If, however, the failed subsystem was dominant, a formerly subservient system will immediately be deemed dominant. In that case, the failed dominant subsystem will reboot (step 145) and the new dominant subsystem will load the primary operating system (step 115). After loading the primary operating system, the new dominant subsystem will mirror its data writes to any connected subservient subsystems. If there are no connected subservient subsystems, the new dominant subsystem will continue operating in isolation, and optionally will alert an administrator with a request for assistance.
In the event that both subsystems 5, 10 have failed, or if the communications link 55 is down after rebooting (steps 145, 150), typically both systems remain offline until an administrator tends to them. It should be noted that in the scenario where the failed subsystem was dominant, the subservient subsystem, upon becoming dominant, may not necessarily wait for the failed subsystem to come online before loading the primary operating system. In these embodiments, if the failed (previously dominant) subsystem remains offline, and if there are no other subservient subsystems connected to the new dominant subsystem, the new dominant subsystem proceeds to operate without mirroring write operations until the failed subsystem is brought back online.
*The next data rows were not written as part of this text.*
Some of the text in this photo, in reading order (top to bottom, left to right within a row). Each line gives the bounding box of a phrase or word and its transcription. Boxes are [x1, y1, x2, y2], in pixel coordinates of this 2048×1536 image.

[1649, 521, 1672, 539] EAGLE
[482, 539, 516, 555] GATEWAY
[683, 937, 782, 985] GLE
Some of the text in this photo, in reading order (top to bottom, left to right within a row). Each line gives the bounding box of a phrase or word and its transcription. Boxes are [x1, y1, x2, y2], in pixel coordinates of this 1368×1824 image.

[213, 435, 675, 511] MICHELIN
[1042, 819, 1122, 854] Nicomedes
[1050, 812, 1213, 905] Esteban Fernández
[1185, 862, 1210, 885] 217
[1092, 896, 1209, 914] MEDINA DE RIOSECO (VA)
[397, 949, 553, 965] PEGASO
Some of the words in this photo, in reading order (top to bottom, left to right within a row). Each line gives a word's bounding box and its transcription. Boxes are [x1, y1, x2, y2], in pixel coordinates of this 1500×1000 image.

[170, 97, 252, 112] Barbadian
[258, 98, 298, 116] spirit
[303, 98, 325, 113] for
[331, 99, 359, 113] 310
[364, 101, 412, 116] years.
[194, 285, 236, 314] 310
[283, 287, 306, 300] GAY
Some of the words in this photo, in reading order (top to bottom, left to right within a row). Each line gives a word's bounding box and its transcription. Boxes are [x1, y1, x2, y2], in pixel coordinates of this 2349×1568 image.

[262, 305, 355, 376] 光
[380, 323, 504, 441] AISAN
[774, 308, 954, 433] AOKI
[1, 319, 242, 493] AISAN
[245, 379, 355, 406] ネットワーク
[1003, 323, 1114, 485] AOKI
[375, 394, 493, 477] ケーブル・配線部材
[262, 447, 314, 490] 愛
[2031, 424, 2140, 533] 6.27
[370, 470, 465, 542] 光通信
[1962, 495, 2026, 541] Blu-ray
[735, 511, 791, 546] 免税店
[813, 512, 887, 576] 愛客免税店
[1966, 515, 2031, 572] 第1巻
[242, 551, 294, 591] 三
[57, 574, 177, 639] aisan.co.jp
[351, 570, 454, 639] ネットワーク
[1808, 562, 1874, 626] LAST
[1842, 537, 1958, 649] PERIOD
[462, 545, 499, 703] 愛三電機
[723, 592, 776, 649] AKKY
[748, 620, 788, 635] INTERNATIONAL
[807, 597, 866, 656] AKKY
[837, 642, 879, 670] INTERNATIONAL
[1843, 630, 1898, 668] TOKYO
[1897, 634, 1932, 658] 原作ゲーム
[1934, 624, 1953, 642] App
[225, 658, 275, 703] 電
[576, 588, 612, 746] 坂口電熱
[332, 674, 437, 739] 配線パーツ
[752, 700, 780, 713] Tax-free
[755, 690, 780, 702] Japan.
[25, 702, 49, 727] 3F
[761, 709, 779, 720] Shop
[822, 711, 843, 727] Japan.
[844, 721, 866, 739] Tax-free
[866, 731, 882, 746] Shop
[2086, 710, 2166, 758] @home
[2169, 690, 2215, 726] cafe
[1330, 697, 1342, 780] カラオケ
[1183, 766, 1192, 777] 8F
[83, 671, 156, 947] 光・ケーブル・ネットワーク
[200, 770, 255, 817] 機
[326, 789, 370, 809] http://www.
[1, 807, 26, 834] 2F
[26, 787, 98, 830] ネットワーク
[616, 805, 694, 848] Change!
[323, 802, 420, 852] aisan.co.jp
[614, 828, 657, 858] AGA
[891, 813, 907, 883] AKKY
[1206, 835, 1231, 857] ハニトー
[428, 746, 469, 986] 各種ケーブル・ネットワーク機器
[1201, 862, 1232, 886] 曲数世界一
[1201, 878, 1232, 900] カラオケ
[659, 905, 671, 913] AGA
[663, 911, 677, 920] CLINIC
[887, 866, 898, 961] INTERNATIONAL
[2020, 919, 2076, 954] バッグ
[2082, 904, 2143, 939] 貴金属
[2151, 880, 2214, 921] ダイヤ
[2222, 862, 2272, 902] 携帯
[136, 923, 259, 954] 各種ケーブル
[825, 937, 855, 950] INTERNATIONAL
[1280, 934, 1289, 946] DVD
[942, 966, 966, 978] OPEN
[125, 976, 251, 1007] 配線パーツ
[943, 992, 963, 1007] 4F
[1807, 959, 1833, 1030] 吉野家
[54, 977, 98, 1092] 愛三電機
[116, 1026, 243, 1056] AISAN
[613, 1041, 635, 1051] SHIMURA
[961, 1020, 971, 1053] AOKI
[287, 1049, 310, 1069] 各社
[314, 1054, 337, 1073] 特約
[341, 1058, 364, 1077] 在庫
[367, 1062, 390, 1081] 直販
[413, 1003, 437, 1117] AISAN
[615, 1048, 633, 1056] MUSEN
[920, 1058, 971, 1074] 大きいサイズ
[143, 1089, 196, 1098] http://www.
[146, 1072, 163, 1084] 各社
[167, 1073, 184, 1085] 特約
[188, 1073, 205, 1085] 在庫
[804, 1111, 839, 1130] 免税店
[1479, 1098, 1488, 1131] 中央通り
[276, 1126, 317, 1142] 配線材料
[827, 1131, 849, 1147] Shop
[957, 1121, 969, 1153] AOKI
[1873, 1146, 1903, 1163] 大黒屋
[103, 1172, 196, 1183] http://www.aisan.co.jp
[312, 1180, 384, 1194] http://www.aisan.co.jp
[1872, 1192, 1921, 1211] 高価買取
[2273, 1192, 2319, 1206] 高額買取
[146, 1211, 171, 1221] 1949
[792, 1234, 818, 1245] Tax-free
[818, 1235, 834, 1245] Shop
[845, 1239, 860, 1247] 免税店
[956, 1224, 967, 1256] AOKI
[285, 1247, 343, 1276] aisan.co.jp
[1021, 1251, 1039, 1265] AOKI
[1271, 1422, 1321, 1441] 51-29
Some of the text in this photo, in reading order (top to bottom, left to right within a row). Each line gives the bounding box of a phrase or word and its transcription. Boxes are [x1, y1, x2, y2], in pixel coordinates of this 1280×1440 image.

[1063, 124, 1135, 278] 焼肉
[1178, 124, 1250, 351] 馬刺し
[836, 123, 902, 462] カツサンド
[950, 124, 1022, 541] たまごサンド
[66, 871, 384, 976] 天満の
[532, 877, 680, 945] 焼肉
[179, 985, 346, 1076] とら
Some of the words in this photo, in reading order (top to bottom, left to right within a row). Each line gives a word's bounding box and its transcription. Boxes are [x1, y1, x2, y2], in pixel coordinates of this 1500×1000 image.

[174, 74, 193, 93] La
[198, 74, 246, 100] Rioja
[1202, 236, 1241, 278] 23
From the foregoing, it will be appreciated that the systems and methods provided by the invention afford a simple and effective way of mirroring write operations over a network using an embedded operating system. One skilled in the art will realize the invention may be embodied in other specific forms without departing from the spirit or essential characteristics thereof. The foregoing embodiments are therefore to be considered in all respects illustrative rather than limiting of the invention described herein. Scope of the invention is thus indicated by the appended claims, rather than by the foregoing description, and all changes that come within the meaning and range of equivalency of the claims are therefore intended to be embraced therein.